1. Men’s sins disappoint them of choice mercies. Yea, mercies promised, expected, and near at hand. God had promised them Canaan, they were near unto it (Numbers 13), expected to go in and possess it; but God would not bring them into the land because they despised His judgments, walked not in His statutes, but polluted His sabbaths.
In Hebrews 3:19, it is said, “They could not enter in because of unbelief;” and Psalms 106:24, “they despised the pleasant land, they believed not His word.” It was their sins kept them back from so great, so near, so longed-for a mercy. Such is the malignity of sin that it drives mercies back when they are at the door, and blocks up the passage, that none for the future may issue forth towards us. God can hear and help; “but your iniquities have separated between you and your God, and your sins have hid His face from you, that He will not hear” (Isaiah 59:1); your sins stand like a trap-wall, a mighty mountain, between Him and you; they have cramped His will, so that though He can, yet He will neither hear your prayers nor help your persons.

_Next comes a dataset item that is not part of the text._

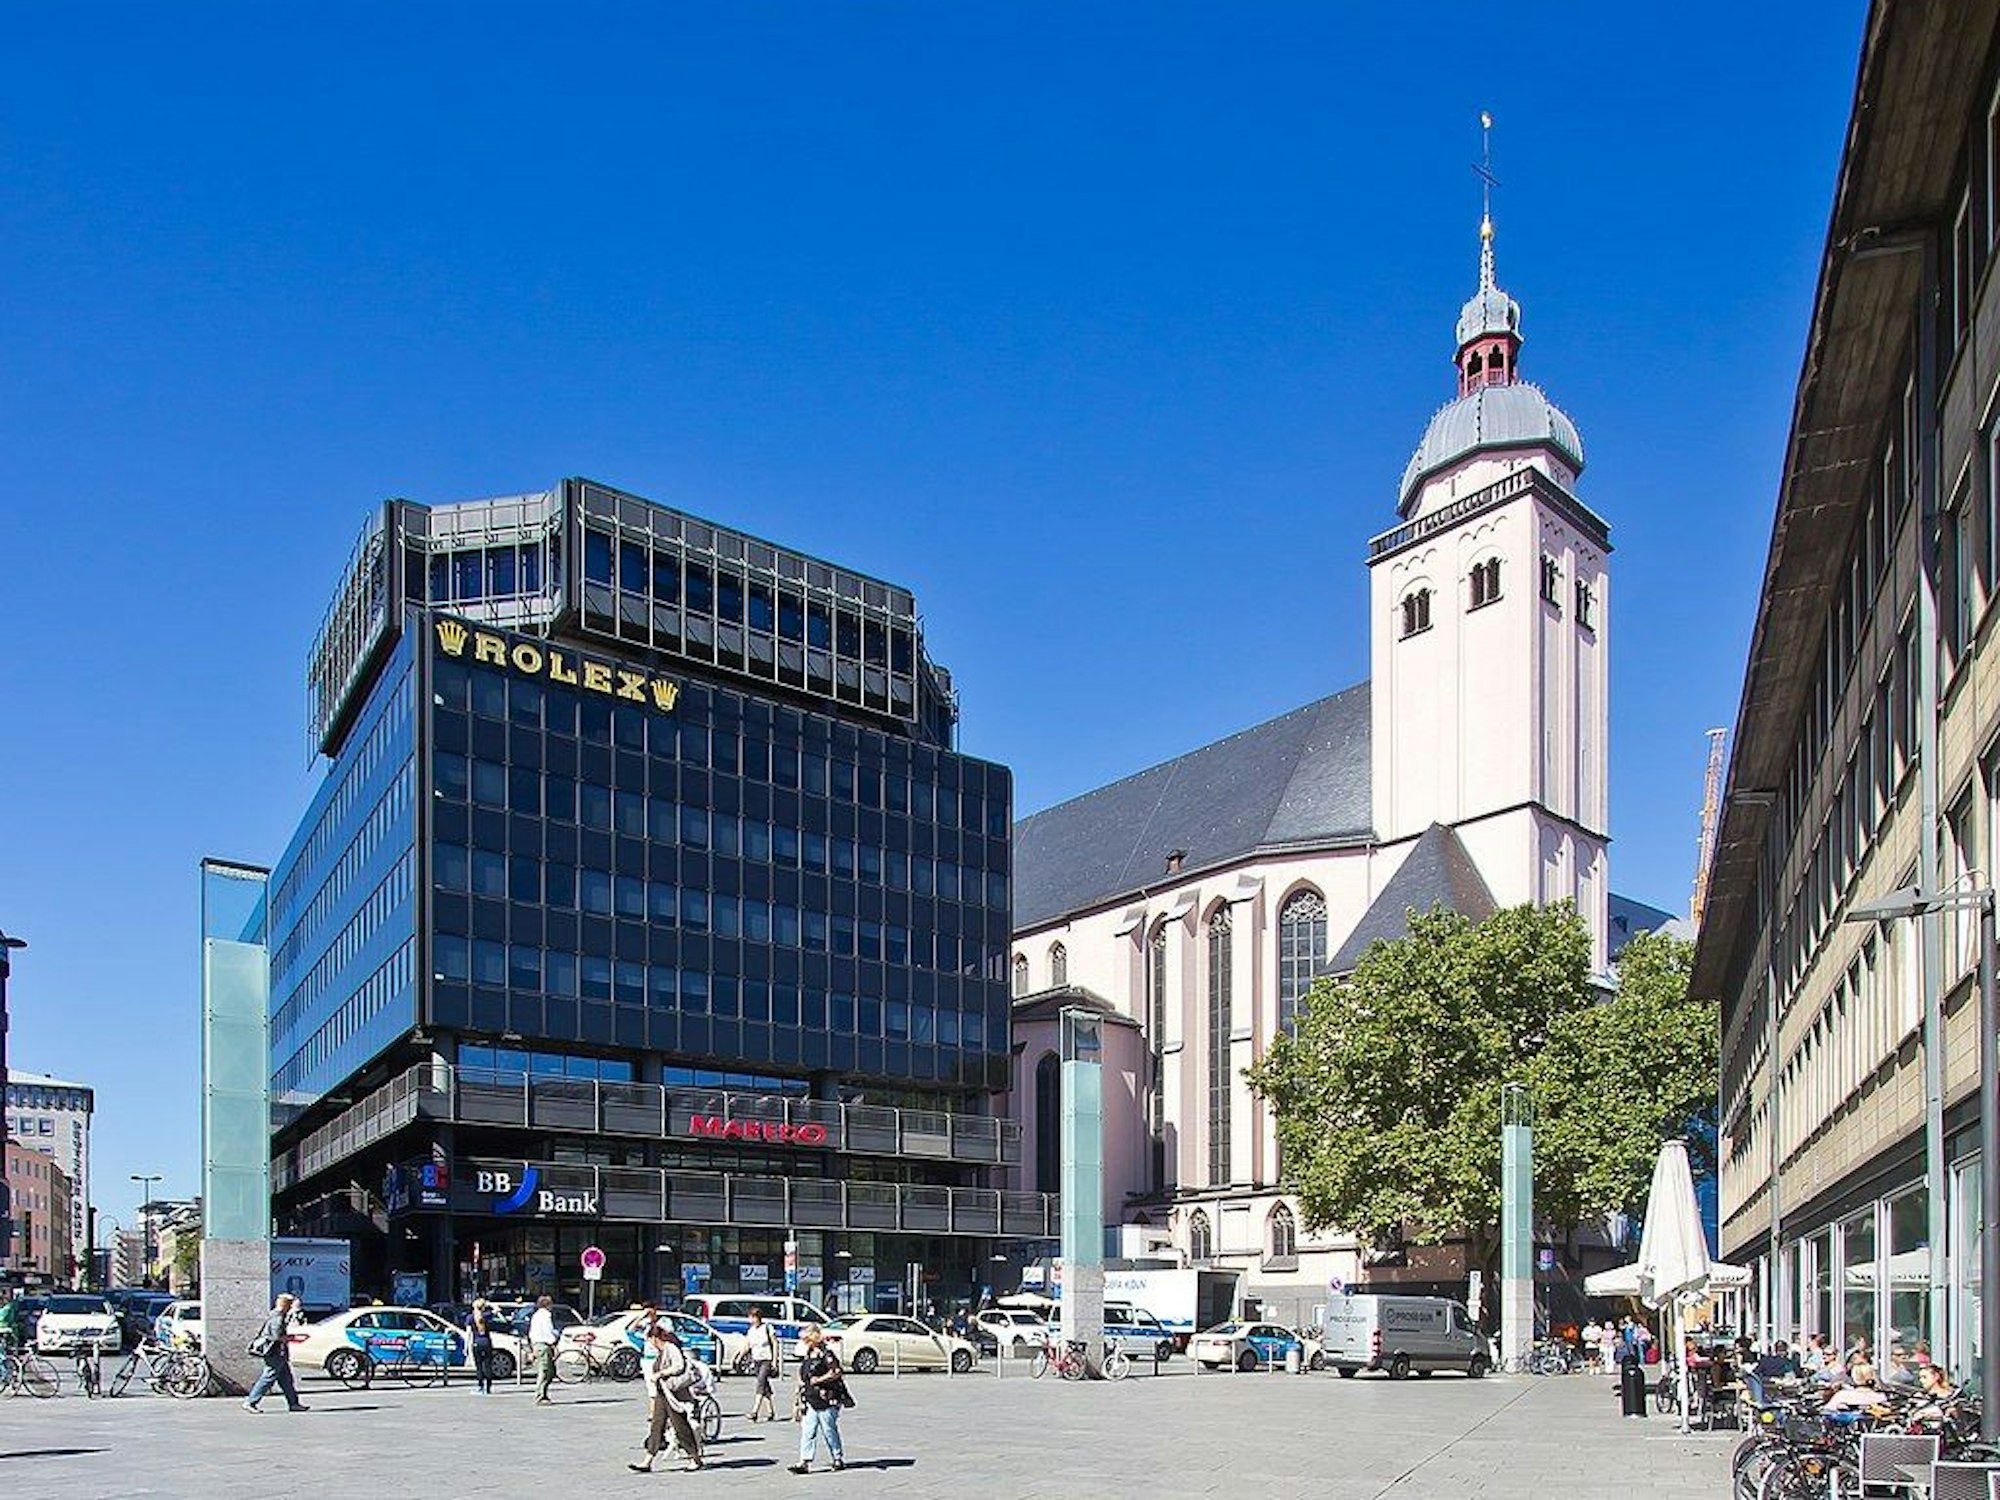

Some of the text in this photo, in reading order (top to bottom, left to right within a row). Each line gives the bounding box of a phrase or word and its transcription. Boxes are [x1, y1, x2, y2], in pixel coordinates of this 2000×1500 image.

It is sin that keeps mercy from us. (Jeremiah 5:25).
2. When the heart is carried out after unlawful things, then the ways and ordinances of God are neglected, slighted, and profaned (Ezekiel 20:16). Their idols had stolen away their hearts from God. They had whorish hearts, and whorish eyes which went after their idols, and made them depart from God. David advised men not to set their hearts upon riches (Psalms 62:10); they will then be their idols, and make them forget God and His ways, and do those things which will profane His ordinances. Look well to your hearts, and let not them carry you away (Job 15:12).

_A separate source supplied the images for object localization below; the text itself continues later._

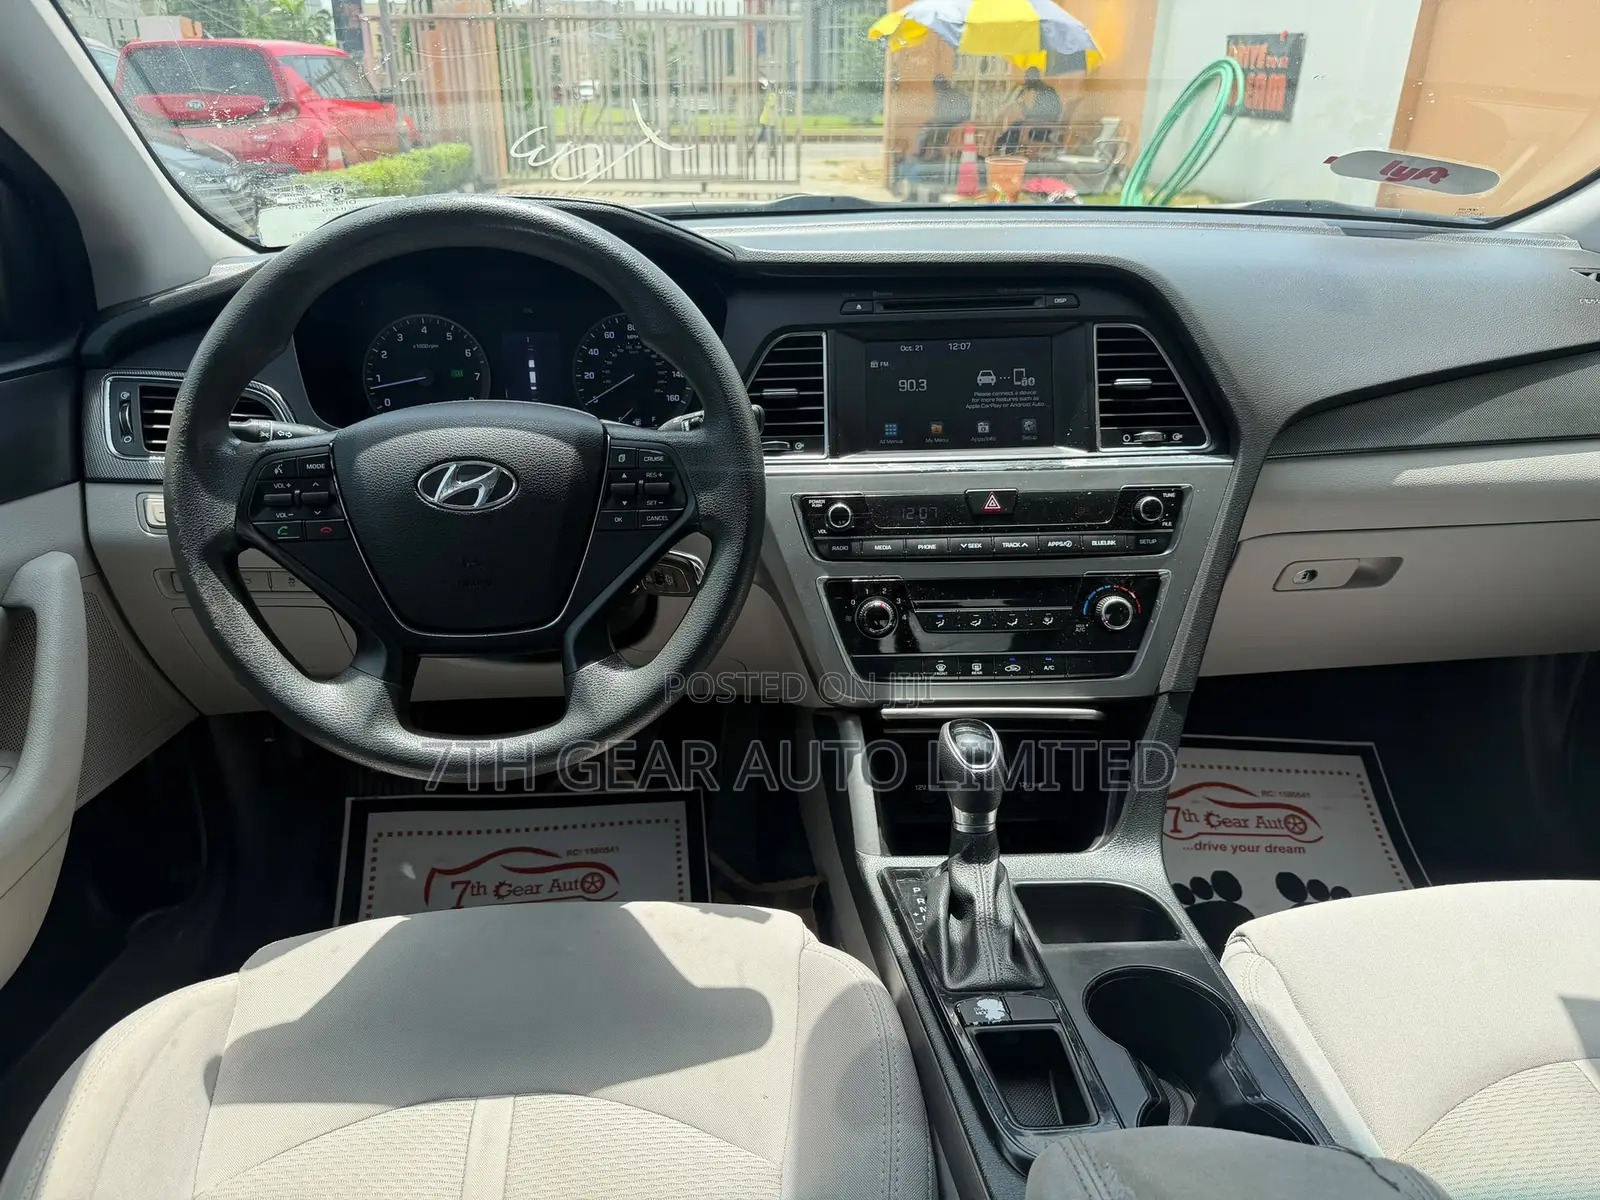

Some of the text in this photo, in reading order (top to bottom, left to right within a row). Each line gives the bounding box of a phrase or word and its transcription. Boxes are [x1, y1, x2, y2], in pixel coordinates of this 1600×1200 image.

[1379, 159, 1450, 185] lyft
[421, 326, 428, 334] 4
[397, 333, 404, 342] 3
[446, 332, 453, 341] 5
[604, 331, 615, 339] 60
[948, 342, 971, 351] 12:07
[381, 350, 388, 359] 2
[465, 349, 472, 357] 6
[588, 348, 599, 356] 40
[376, 374, 381, 382] 1
[474, 372, 481, 381] 7
[584, 371, 595, 380] 20
[898, 379, 928, 392] 90.3
[384, 398, 391, 407] 0
[666, 394, 680, 402] 160
[1166, 806, 1199, 834] 7th
[1203, 810, 1250, 830] Gear
[1231, 843, 1260, 855] your
[1264, 843, 1306, 855] dream
[450, 880, 488, 909] 7th
[493, 880, 544, 900] Gear
[916, 897, 926, 905] R
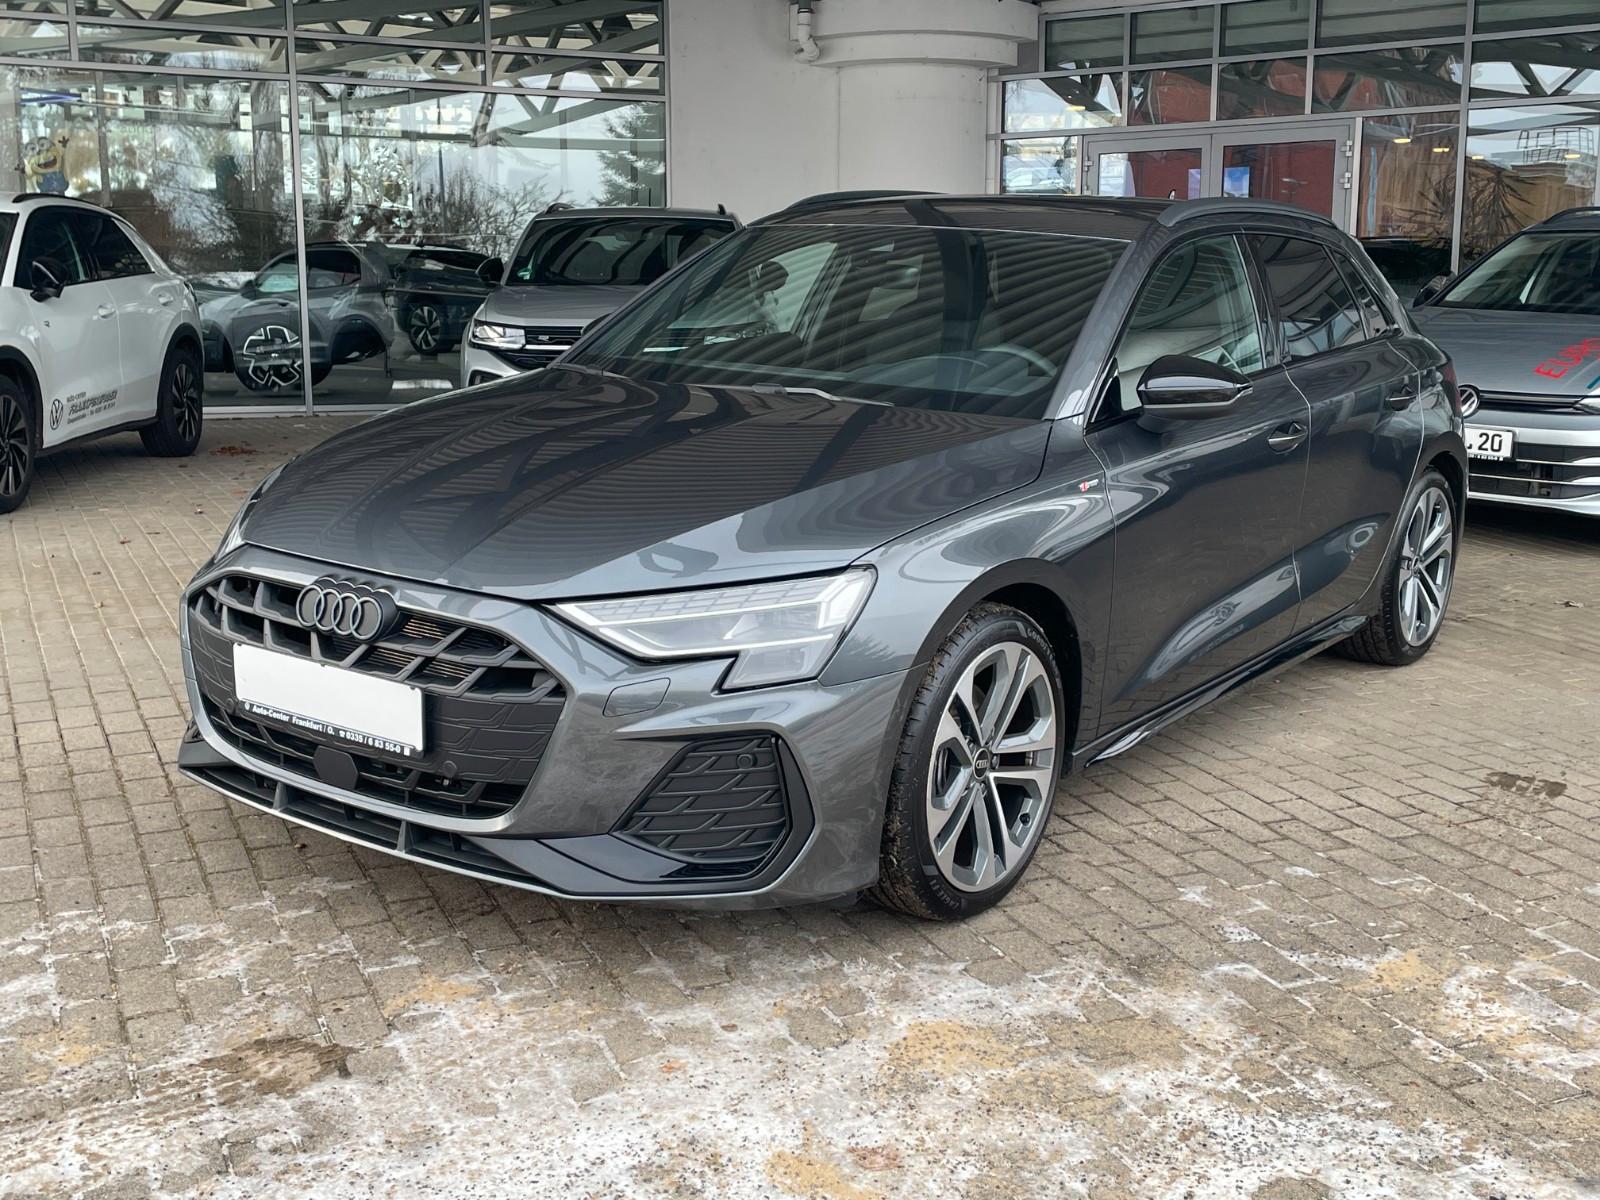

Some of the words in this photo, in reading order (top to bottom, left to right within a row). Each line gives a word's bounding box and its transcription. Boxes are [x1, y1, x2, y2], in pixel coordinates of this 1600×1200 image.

[1478, 432, 1503, 452] 20
[252, 705, 289, 721] Auto-Center
[292, 715, 323, 731] Frankfurt

3. When sinners provoke God into ways of destruction, He doth not utterly destroy them, but shows some pity and mercy. “Nevertheless mine eye spared them from destroying.” God did destroy many of them in the wilderness; three thousand upon their making the calf (Exodus 32:28); twenty-four thousand upon their committing whoredom with the daughters of Moab (Numbers 25:9); much people by fiery serpents upon their murmuring (Numbers 21:6); Korah, Dathan, and Abiram were swallowed up of the earth, and all theirs, and the two hundred and fifty men that offered incense were consumed by fire (Numbers 16:32); fourteen thousand seven hundred were destroyed by the plague (Ezekiel 20:49); and many by the Amorites in Seir (Deuteronomy 1:44). Yet all were not destroyed; God did not make an end of them in the wilderness, He did not consummate and perfect His wrath upon them. Though men have sinned much, yet God hath an eye to spare and a heart to pity. If He should punish and destroy none, He would be thought to be like unto sinners (Psalms 50:21); if He should destroy all, He would be thought to be cruel; to show, therefore, that He is a just God, He cuts off some; and to show He is a merciful God, he spares some.—(Greenhill.)